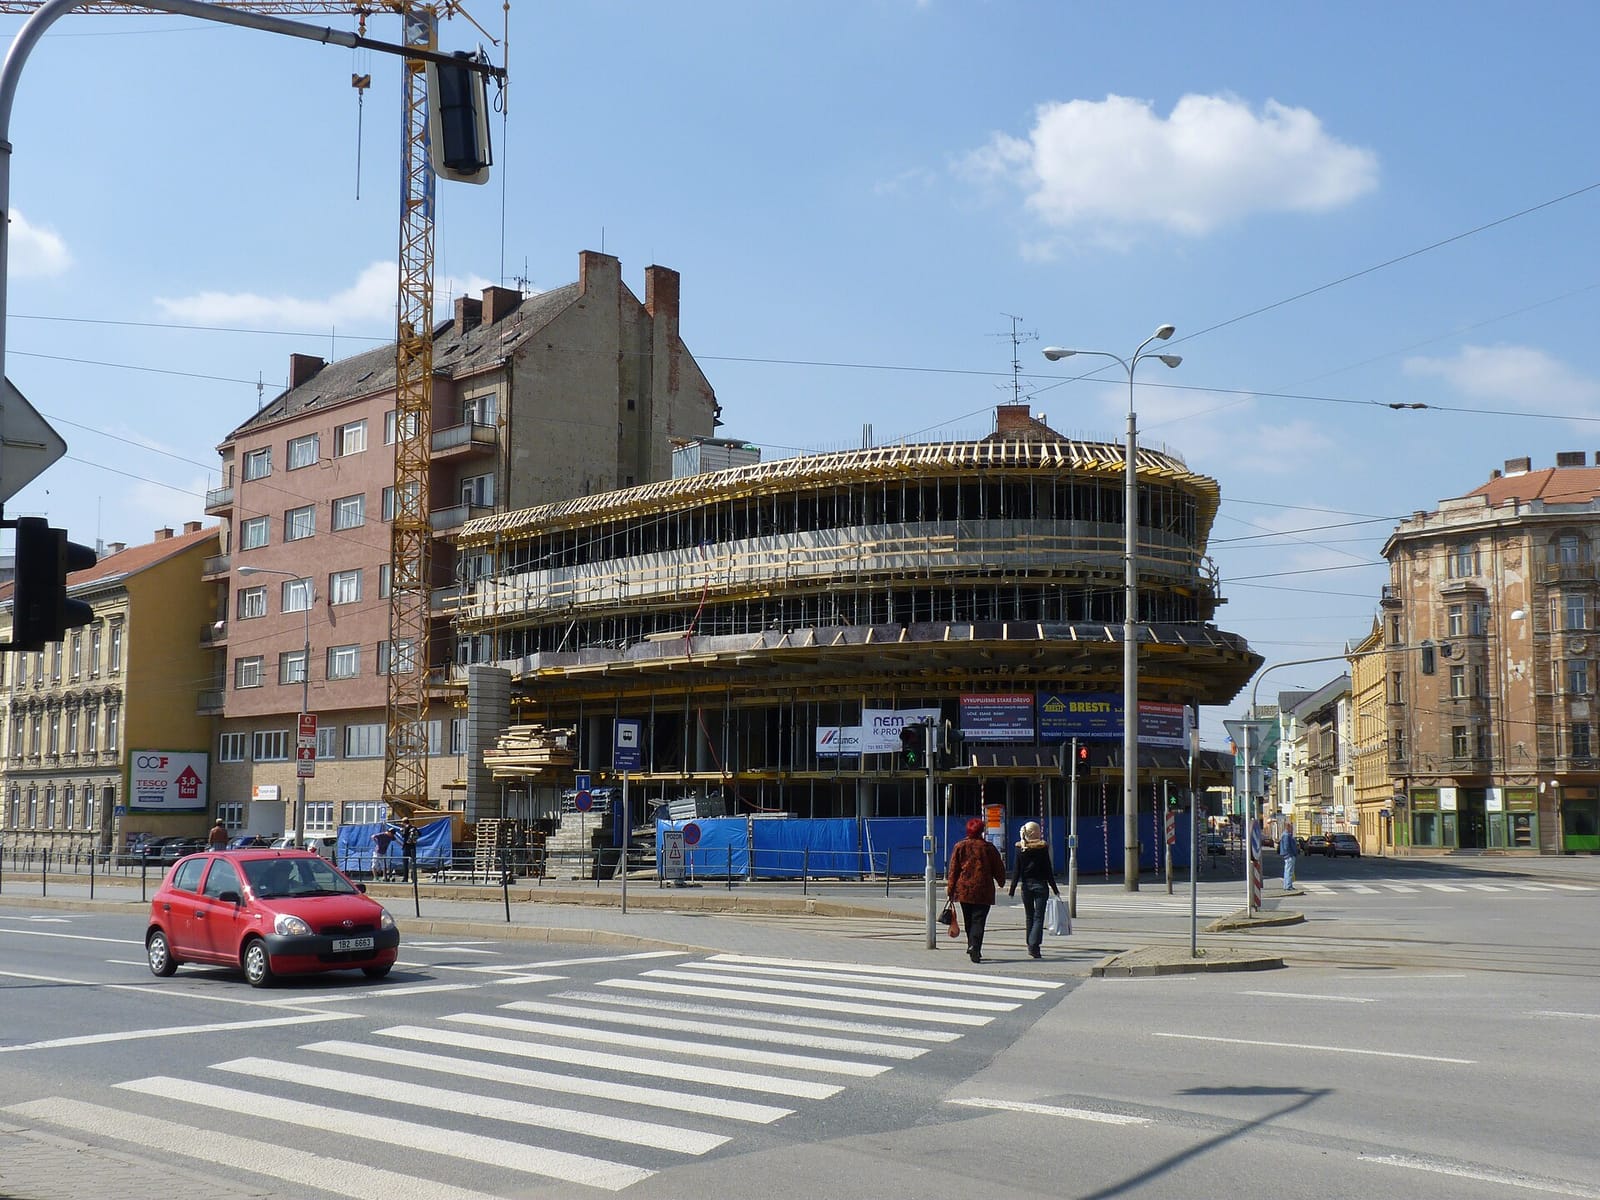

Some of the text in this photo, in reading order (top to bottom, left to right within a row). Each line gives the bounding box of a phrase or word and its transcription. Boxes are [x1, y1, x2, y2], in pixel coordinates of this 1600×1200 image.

[832, 737, 859, 745] CEMEX
[137, 756, 168, 769] OCF
[181, 776, 196, 786] 3,8
[181, 786, 195, 794] km
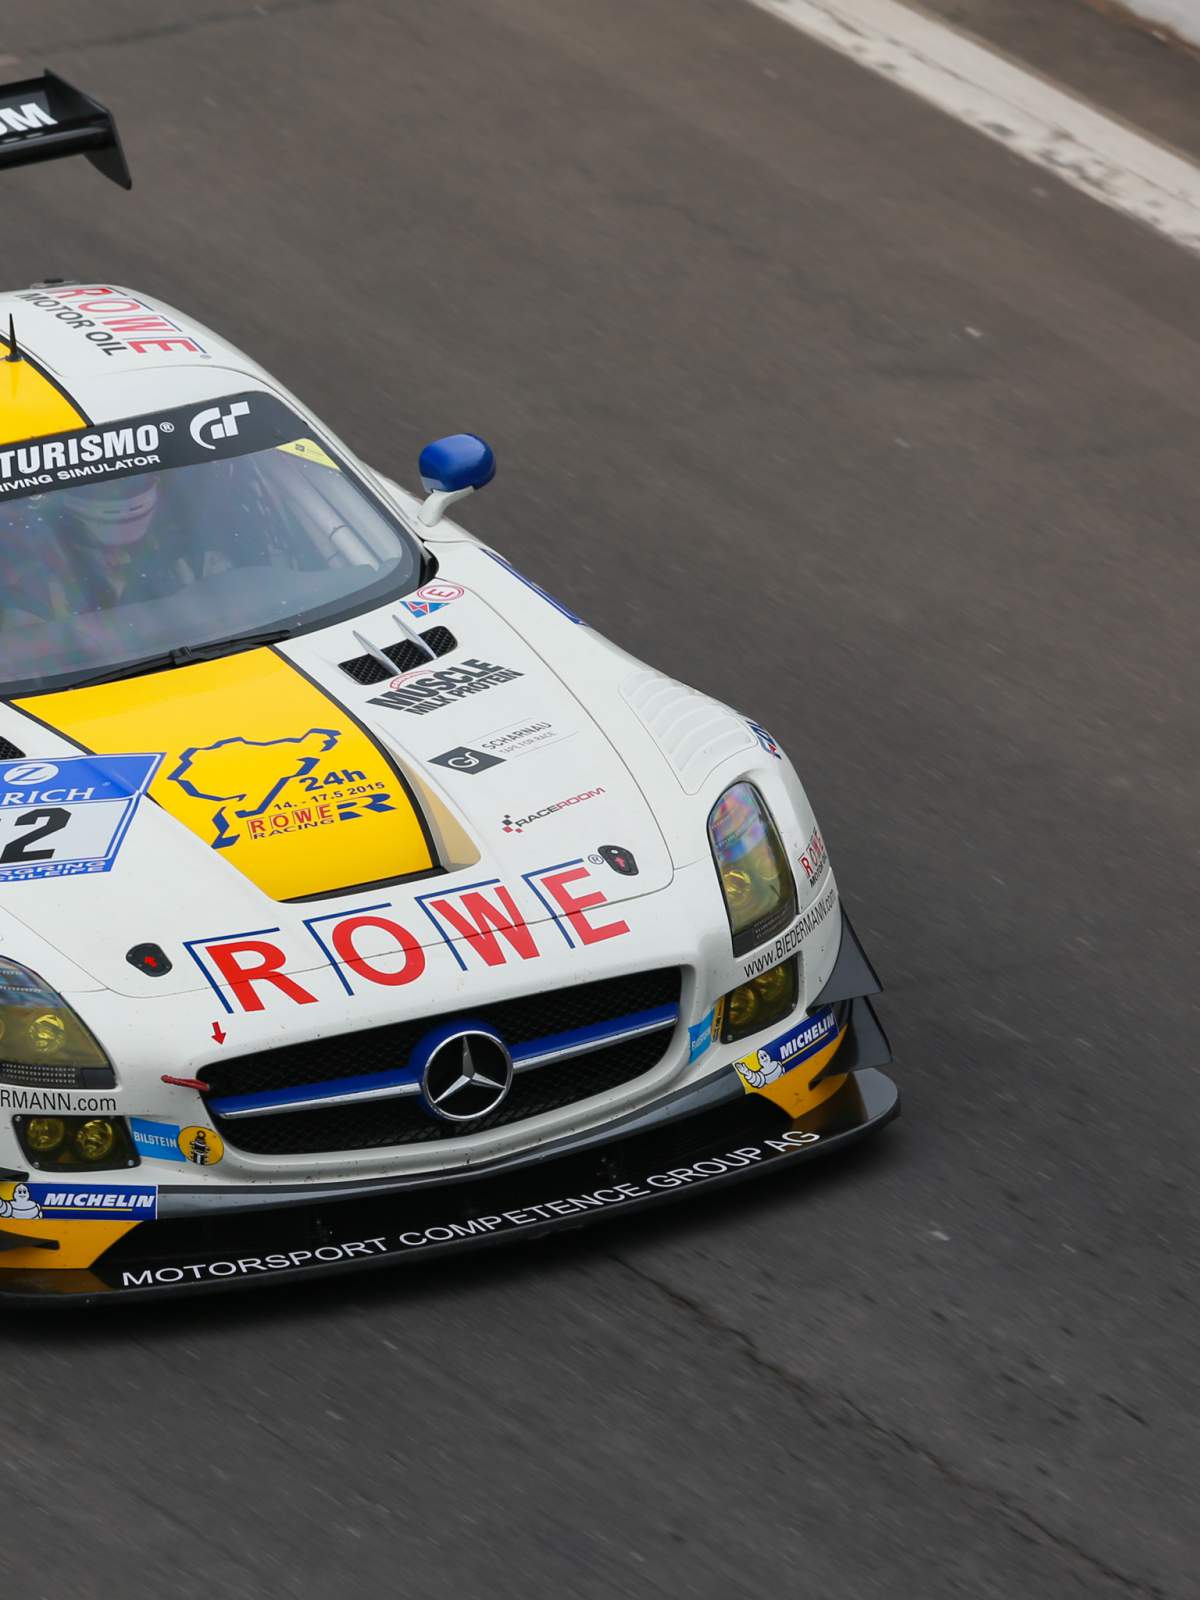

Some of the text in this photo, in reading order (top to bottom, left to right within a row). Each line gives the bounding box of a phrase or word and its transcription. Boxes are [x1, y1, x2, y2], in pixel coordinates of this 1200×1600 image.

···

Apart from its pictures, the data is to be repeated exactly.

Some of the text in this photo, in reading order (top to bottom, left to right within a row). Each line gives the bounding box of a phrase or word and its transcription. Boxes are [x1, y1, x2, y2], in pixel coordinates of this 1600×1200 image.

[832, 737, 859, 745] CEMEX
[137, 756, 168, 769] OCF
[181, 776, 196, 786] 3,8
[181, 786, 195, 794] km

Some of the text in this photo, in reading order (top to bottom, left to right within a row). Each line gives the bounding box of a phrase or word and its transcription. Boxes are [x1, y1, x2, y2], in pixel coordinates of this 1200×1600 image.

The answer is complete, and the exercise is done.